TASK TO CARRY OUT — What you return must match the records below character for character, except that no picture appears.

┌─ MATERIAL SUPPLIED

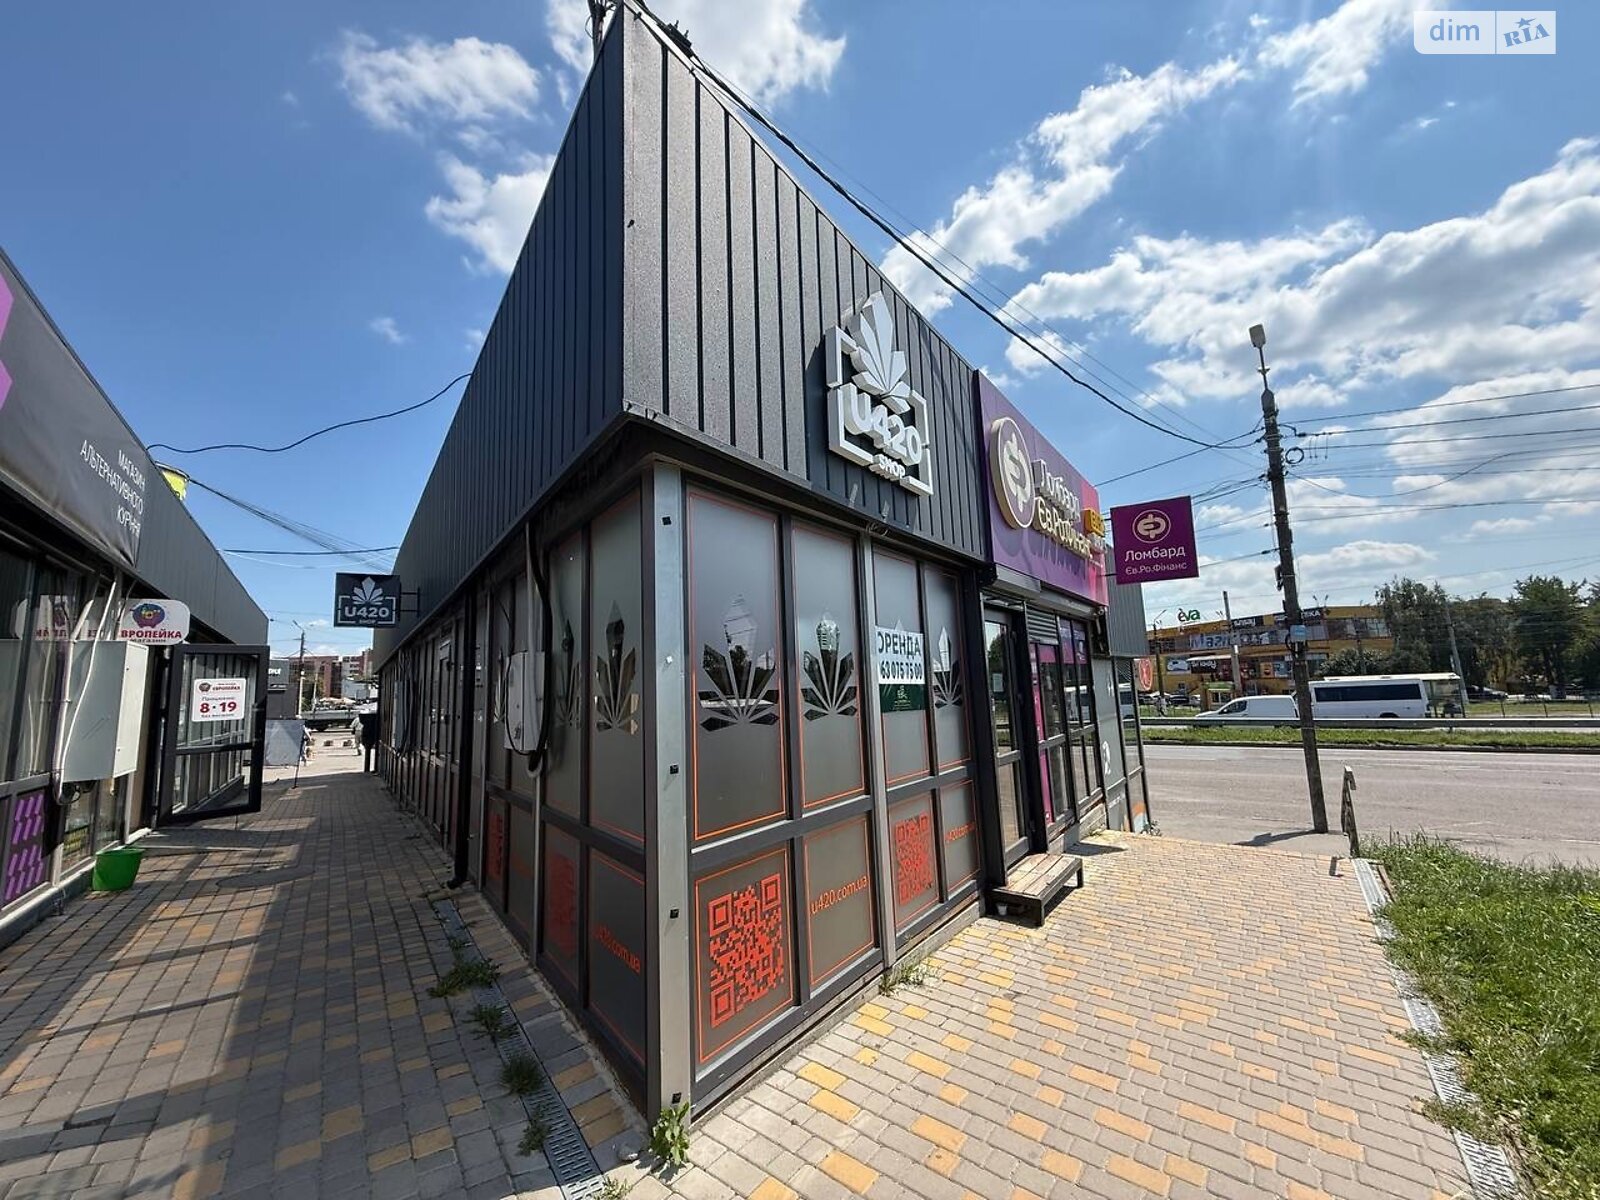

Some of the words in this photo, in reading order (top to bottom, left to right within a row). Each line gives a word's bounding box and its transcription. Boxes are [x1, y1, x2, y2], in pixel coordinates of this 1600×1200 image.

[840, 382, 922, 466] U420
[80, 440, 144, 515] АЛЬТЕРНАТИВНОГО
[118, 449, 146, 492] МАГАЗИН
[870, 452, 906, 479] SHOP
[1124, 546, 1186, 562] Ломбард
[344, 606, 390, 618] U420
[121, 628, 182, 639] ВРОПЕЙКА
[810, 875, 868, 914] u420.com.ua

└─

SOLUTION BELOW —
Some of the words in this photo, in reading order (top to bottom, left to right within a row). Each line gives a word's bounding box and its transcription. Boxes are [x1, y1, x2, y2], in pixel coordinates of this 1600×1200 image.

[840, 382, 922, 466] U420
[80, 440, 144, 515] АЛЬТЕРНАТИВНОГО
[118, 449, 146, 492] МАГАЗИН
[870, 452, 906, 479] SHOP
[1124, 546, 1186, 562] Ломбард
[344, 606, 390, 618] U420
[121, 628, 182, 639] ВРОПЕЙКА
[810, 875, 868, 914] u420.com.ua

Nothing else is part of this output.